Si la Cour de justice, dans l’affaire des couteaux Laguiole du 5 avril 2017, avait déjà apporté des précisions sur le conflit entre dénomination sociale antérieure et marque, les deux juridictions ne regardent pas le problème sous le même angle et ces décisions apparaissent alors comme complémentaires. D’une part, la Cour de justice rappelle que l’appréciation du risque de confusion doit prendre en compte l’activité réelle de la société qui agit sur la base d’une dénomination sociale antérieure et non celle désignée dans les statuts. Une position qui avait déjà été adoptée par les juridictions françaises et notamment dans l’arrêt Cœur de Princesse du 10 juillet 2012 où la Cour de cassation avait énoncé que «la dénomination sociale ne bénéficie d’une protection que pour les activités effectivement exercées par la société et non pour celles énumérées dans ses statuts ». D’autre part l’arrêt de la Cour de cassation de 2018 est l’occasion de se placer du côté de la marque pour apporter des précisions au sujet de l’appréciation du risque de confusion. Dans le cadre d’un tel conflit, seuls les produits et services visés dans le dépôt de marque doivent être pris en considération. A contrario, l’activité effective de la marque n’aura pas d’impact sur l’issue du litige. Ainsi, les juges de cassation reprochent aux juges d’appel de s’être fondés sur l’activité effectivement exercée par le titulaire et sur les conditions d’exploitation des marques.

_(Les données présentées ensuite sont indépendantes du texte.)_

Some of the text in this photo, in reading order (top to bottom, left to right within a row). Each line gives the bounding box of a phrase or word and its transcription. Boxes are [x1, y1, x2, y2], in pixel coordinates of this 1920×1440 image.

Par ailleurs, ce nouvel arrêt de la Cour de cassation permet de rappeler que l’évaluation du risque de confusion doit s’apprécier de façon globale, sur une impression d’ensemble produite par les dénominations sociales antérieures invoquées et la marque. En l’espèce, les juges de cassation reprochent aux juges d’appel de ne pas avoir caractérisé les raisons pour laquelle ils ont écarté le terme « Capstone » dans l’appréciation du risque de confusion.
Enfin, l’arrêt énonce que les éléments étrangers aux signes antérieurs invoqués, notamment les logos ne doivent pas être pris en considération. En effet, les juges de cassation font grief aux juges d’appel de s’être fondés sur la différence apparente entre la charte graphique et calligraphique de la marque semi-figurative « Capstone L’immobilier neuf » et le logo de la société Capstone Properties.

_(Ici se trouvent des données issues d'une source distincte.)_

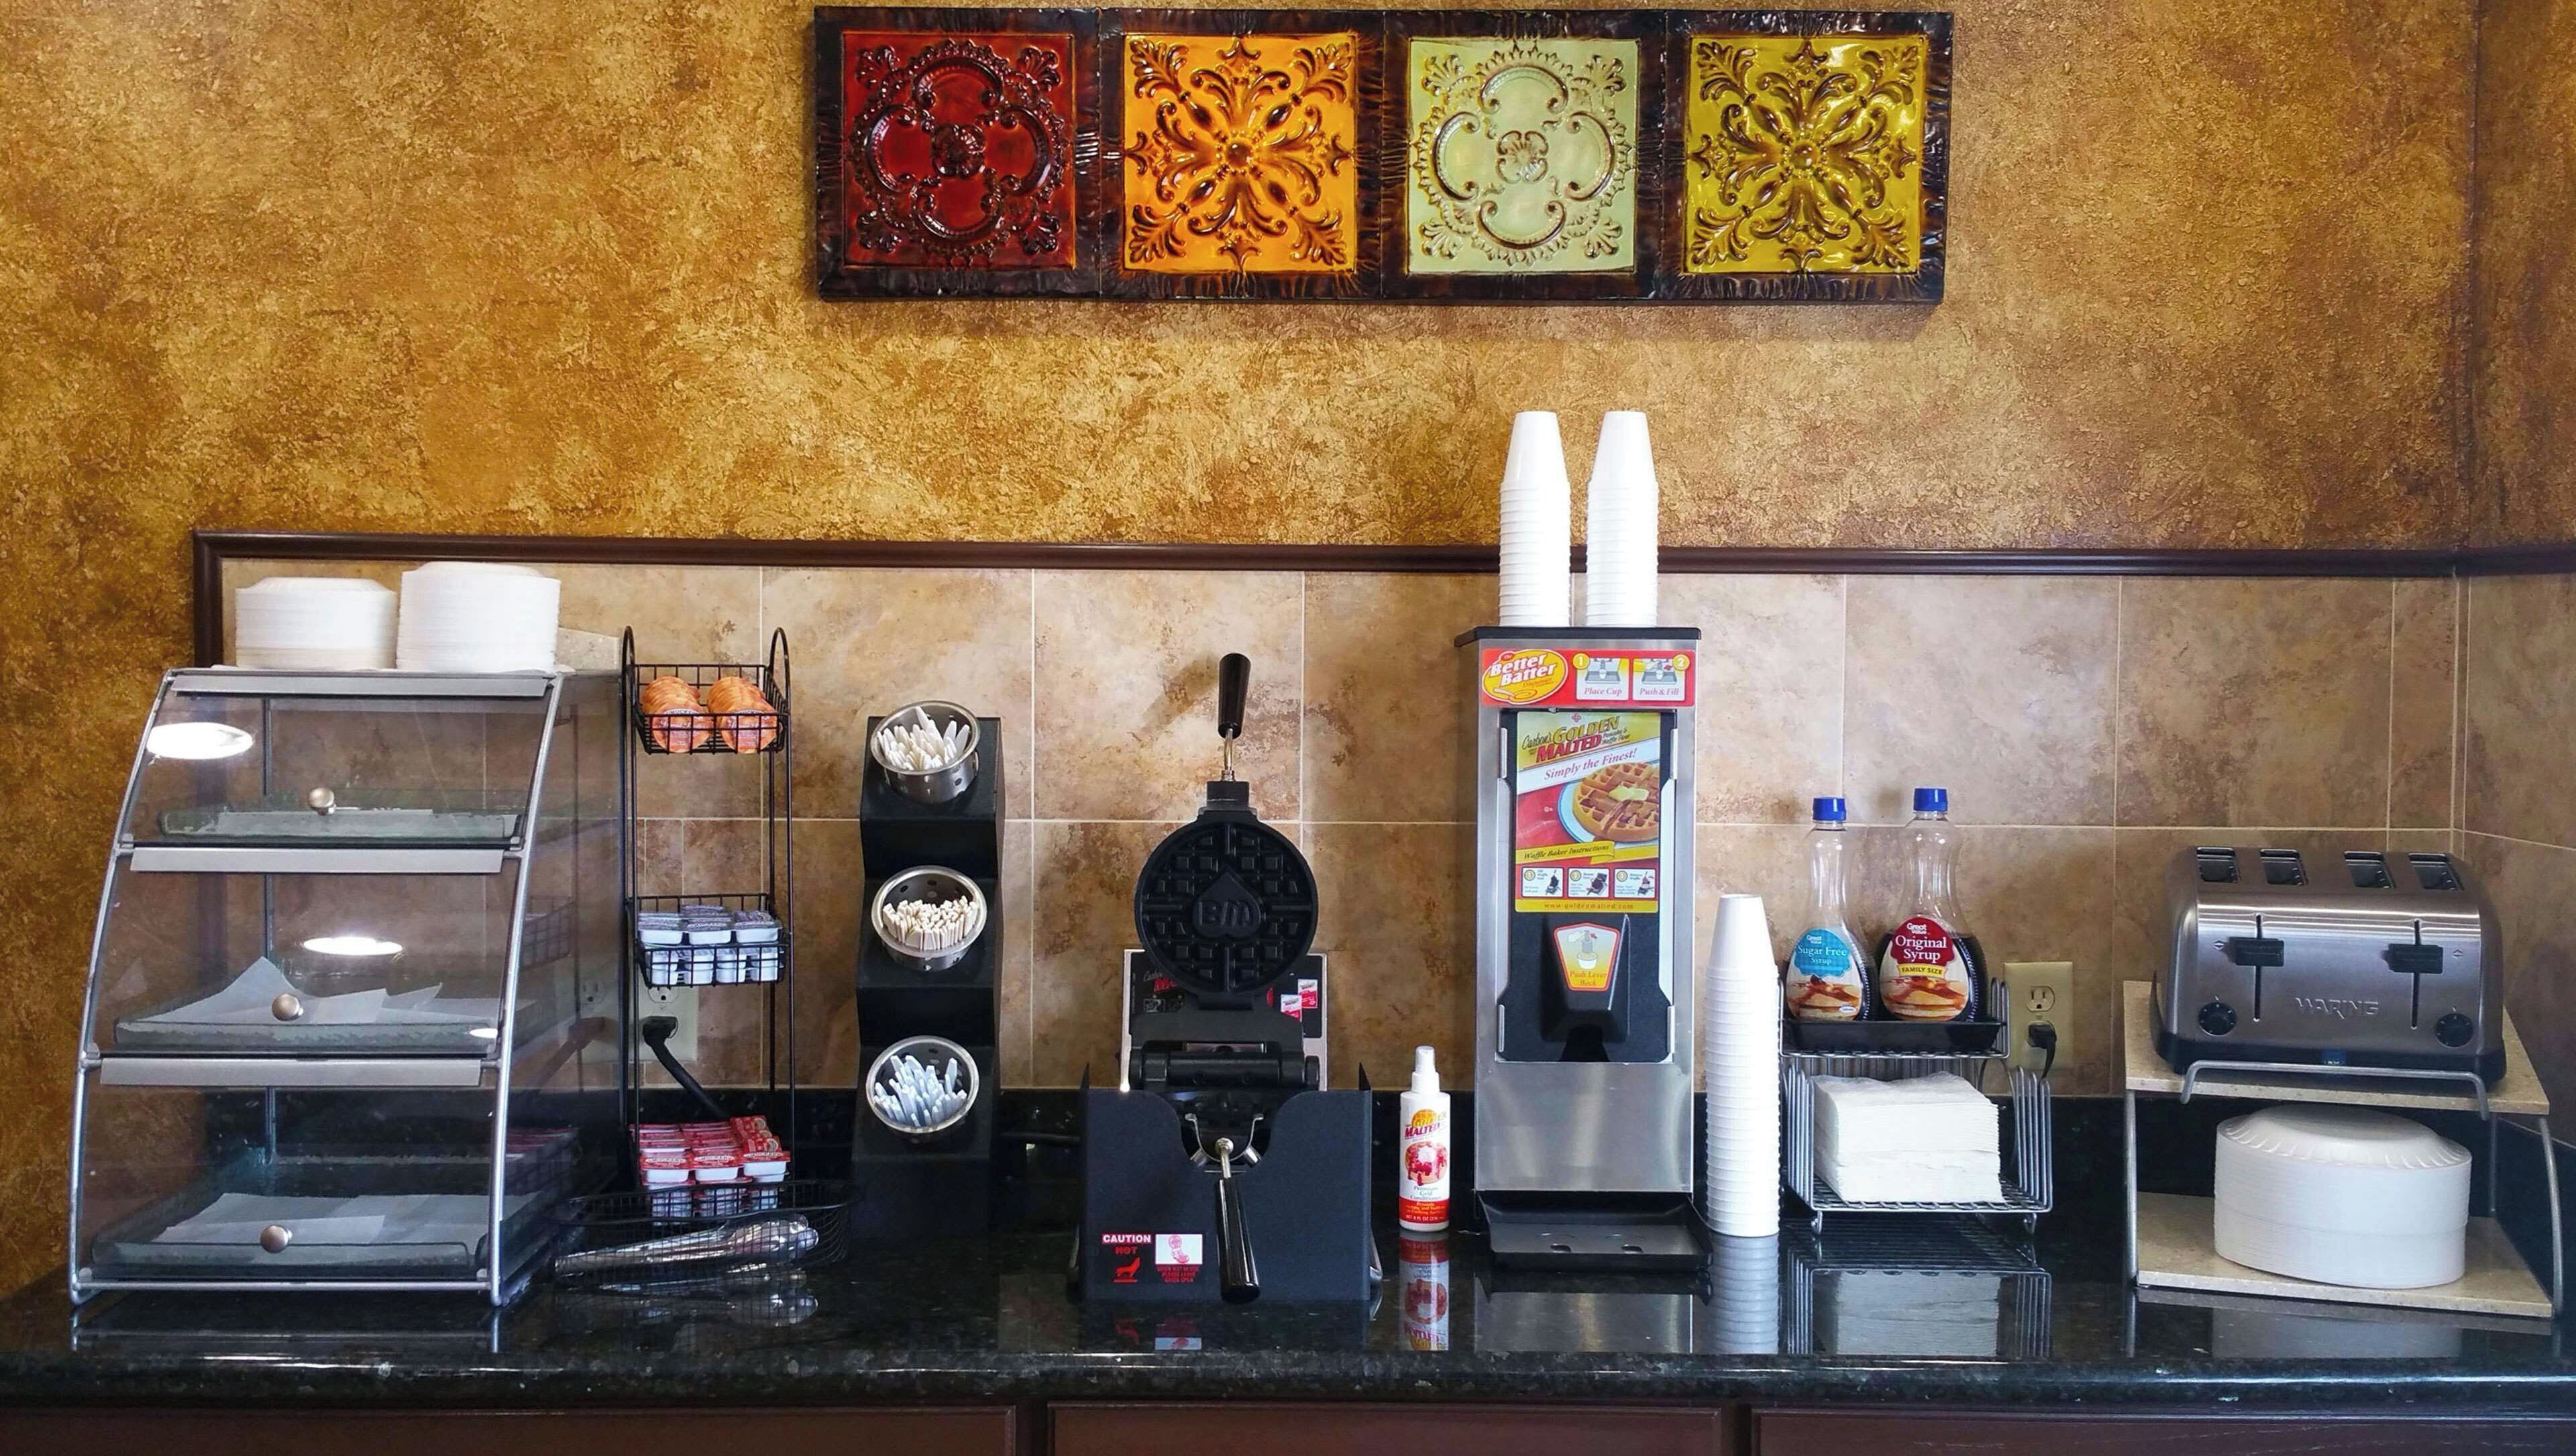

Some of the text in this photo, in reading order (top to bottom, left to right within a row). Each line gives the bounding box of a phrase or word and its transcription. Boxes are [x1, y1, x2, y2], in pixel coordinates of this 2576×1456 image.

En prenant en considération le logo choisi par la société ayant pour dénomination sociale « Capstone Properties », la cour d’appel s’est fondée sur un élément étranger aux signes antérieurs invoqués or elle aurait dû se limiter à la dénomination sociale au sens strict, c’est-à-dire à l’élément verbal.

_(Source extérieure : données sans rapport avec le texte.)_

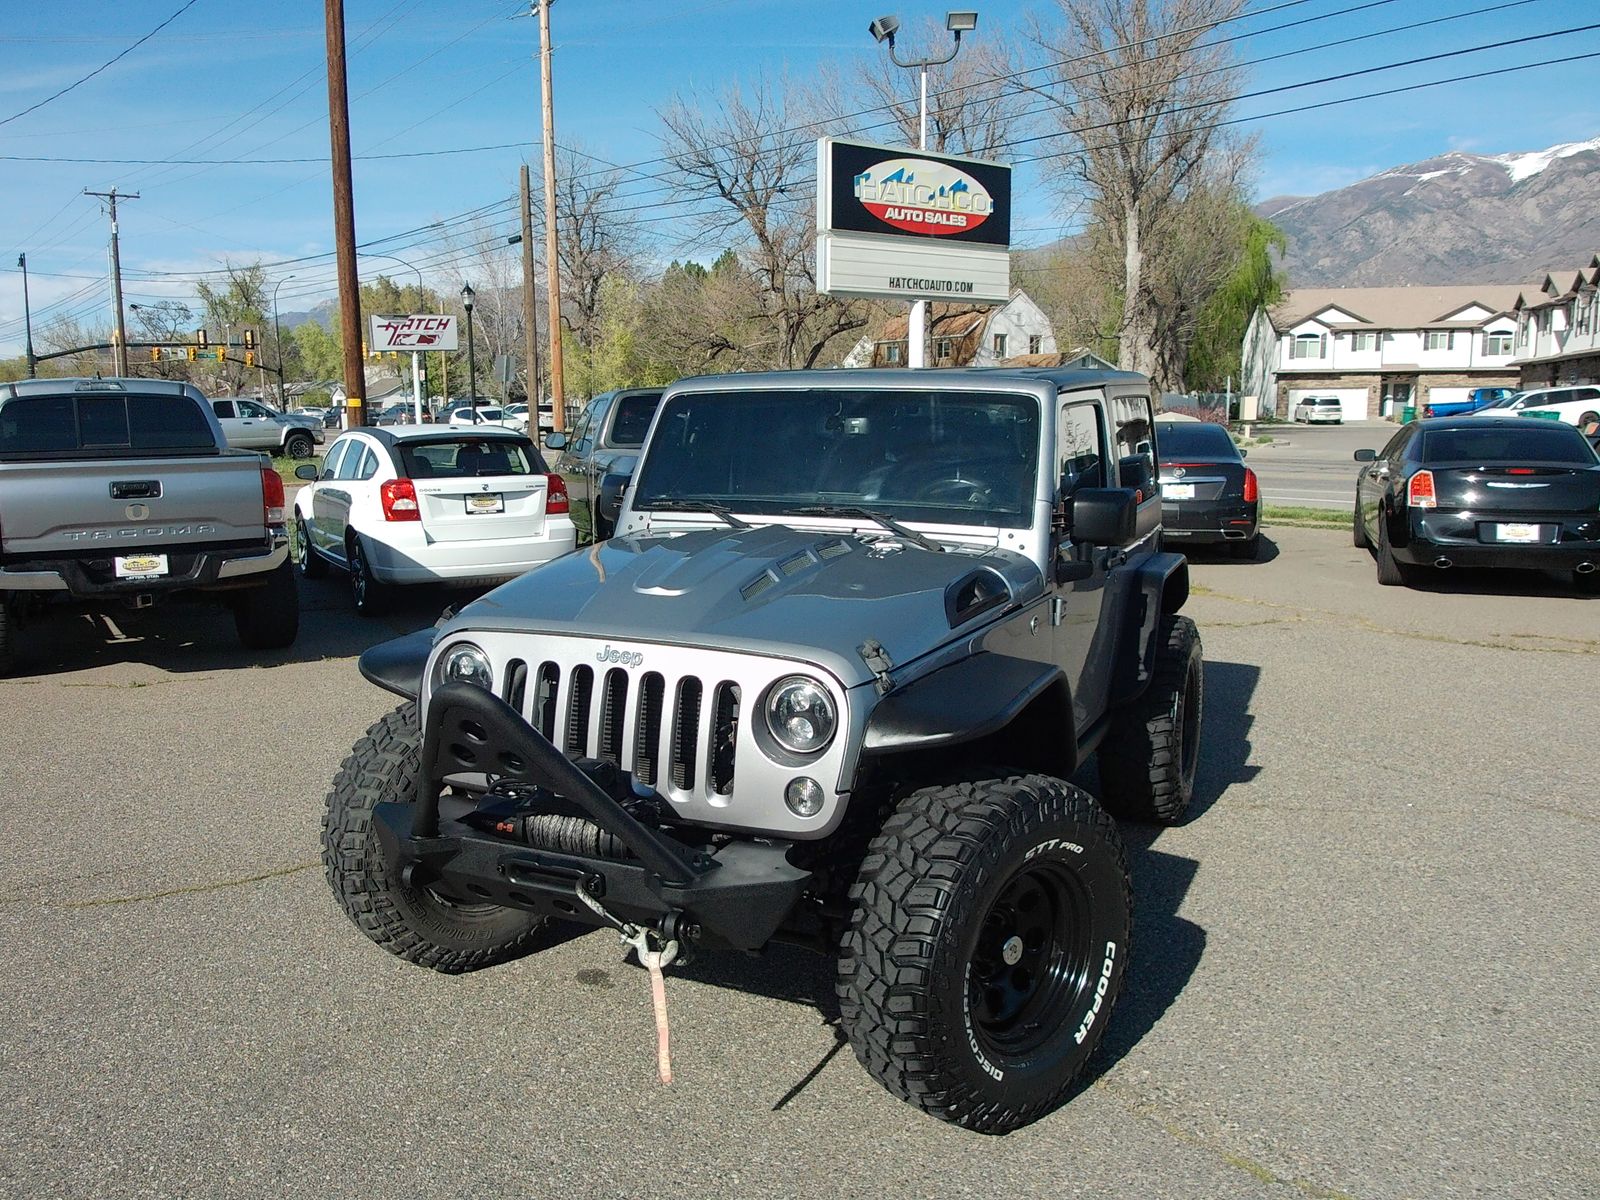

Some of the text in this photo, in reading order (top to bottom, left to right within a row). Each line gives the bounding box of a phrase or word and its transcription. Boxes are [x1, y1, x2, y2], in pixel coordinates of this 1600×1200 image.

[854, 174, 993, 213] HATCHCO
[885, 207, 967, 227] AUTO SALES
[889, 277, 973, 293] HATCHCOAUTO.COM
[62, 524, 215, 541] TACOMA
[596, 644, 644, 669] Jeep
[1024, 839, 1084, 862] STT PRO
[1073, 941, 1116, 1045] COOPER

Ainsi, cette décision est riche d’enseignements en ce qu’elle permet d’appréhender l’appréciation des juges lorsqu’une dénomination sociale est susceptible de constituer un droit antérieur à une marque.
La Cour de justice et la Cour de cassation ont antérieurement adopté une attitude pragmatique et pratique dans l’appréciation du risque de confusion lorsque l’on se place du point de vue de la dénomination sociale en retenant l’activité effective de l’entreprise. Cet arrêt de la Cour de cassation semble au contraire rester sur une appréciation plus théorique en ce qui concerne la marque. La Cour ne retient en effet que les produits et services indiqués dans le dépôt de marque pour caractériser l’activité du titulaire de la marque. Au sujet de la marque, l’activité réelle sera alors laissée, on le comprend, à l’action en concurrence déloyale. Il s’agit donc de porter une attention particulière à l’action que l’on engage et aux bons fondements à invoquer.